Slowing Heart Failure Progression

The prognostic importance of an elevated baseline NT-proBNP is already well recognized and was an entry criterion for the PARADIGM-HF trial, which also generated new data presented at the 2016 ACC meeting. In the latest set of data from that trial, a landmark study that associated a combination of the neprilysin inhibitor sacubitril and valsartan with an 20% reduction in the primary composite outcome of cardiovascular (CV) death or heart failure hospitalization relative to enalapril (McMurray et al. N Engl J Med 2014;371:993-1004), there was essentially no difference irrespective of background therapy. Both of the studies presented at the 2016 ACC meeting emphasize control of neurohormonal activation as key mechanism for slowing heart failure progression.

Reductions in NT-proBNP for Improved Prognosis

In the study of change in NT-proBNP, the change in the primary endpoint of all-cause mortality and heart failure hospitalization was compared in 363 patients in the Swedish Heart Failure Registry who showed a reduction in NT-proBNP at 7 months to the 291 who did not. At a median of 2.2 years of follow-up, those with improvement (reduction) in NT-proBNP had a 40% improvement (HR 0.602; P<0.001). For all-cause mortality, the reduction was 55% (HR 0.549; P=0.002). In this analysis, which was restricted to patients with a preserved ejection fraction, defined as >40%, “reductions in NT-proBNP levels over time are independently associated with an improved prognosis in heart failure patients,” confirmed Dr. Gianluigi Savarese, Department of Medicine, Karolinska Institutet, Stockholm, Sweden.

Reductions in NT-proBNP levels over time are independently associated with an improved prognosis in heart failure patients.

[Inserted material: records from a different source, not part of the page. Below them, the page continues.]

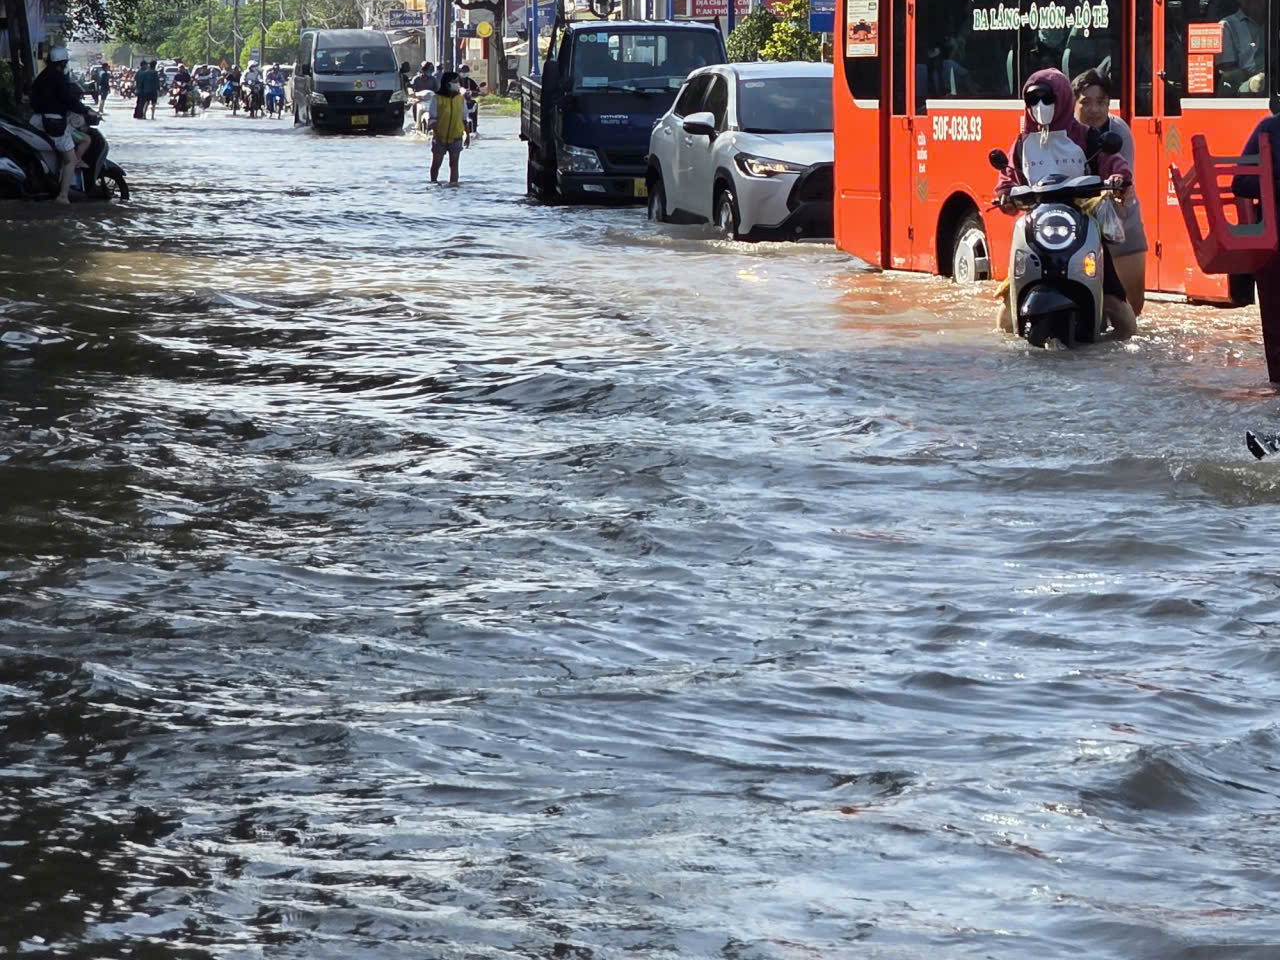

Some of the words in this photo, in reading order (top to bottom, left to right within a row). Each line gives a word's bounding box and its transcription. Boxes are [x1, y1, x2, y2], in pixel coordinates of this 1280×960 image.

[973, 8, 989, 30] BA
[989, 2, 1021, 31] LÁNG
[1028, 1, 1039, 30] Ô
[1039, 1, 1066, 29] MÔN
[1074, 0, 1092, 38] LỘ
[1092, 0, 1109, 29] TẺ
[932, 116, 982, 142] 50F-038.93
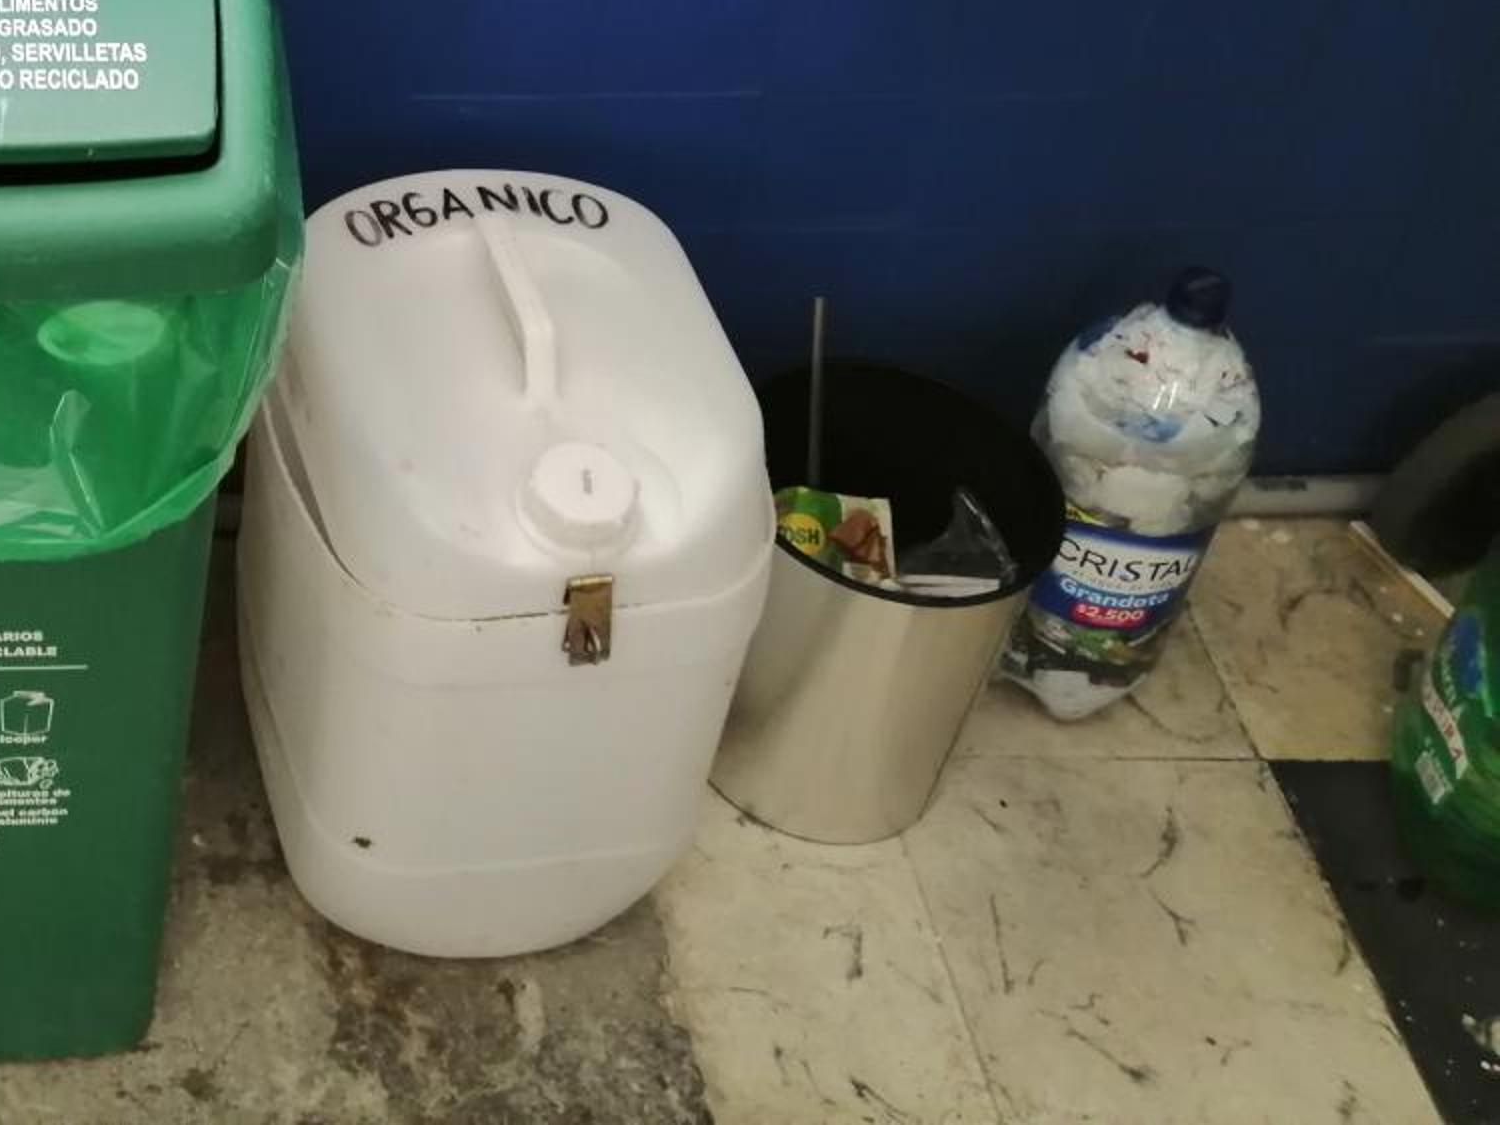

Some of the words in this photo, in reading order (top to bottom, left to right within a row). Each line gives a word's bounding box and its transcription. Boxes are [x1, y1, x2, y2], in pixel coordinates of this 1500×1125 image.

[11, 43, 148, 63] SERVILLETAS
[20, 69, 140, 89] RECICLADO
[344, 183, 609, 247] ORGANICO
[53, 788, 71, 799] de

In the new data from PARADIGM-HF, hazard ratios for treatment with sacubitril/valsartan relative to enalapril were calculated for the primary composite endpoint across all baseline treatments, such as diuretics, digoxin, aldosterone and other mineralocorticoid receptor antagonists (MRA), implantable cardioverter defibrillator (ICD) and other implantable devices, and prior coronary revascularization (Fig. 1). While essentially all patients were on a beta-blocker at baseline, the relative benefit for this analysis was calculated for those at 50% or greater of the target dose versus those below.


“The advantages of sacubitril/valsartan relative to enalapril were incremental to any therapy offered to these heart failure patients,” reported Dr. John V. McMurray, Cardiovascular Research Centre, Glasgow, Scotland. He further noted that in this study, which required a NT-proBNP level of ≥600 pg/mL for entry, that the risk of CV death when evaluated separately was also proportionally reduced by about 20% for sacubitril/valsartan relative to enalapril across all background treatment subgroups.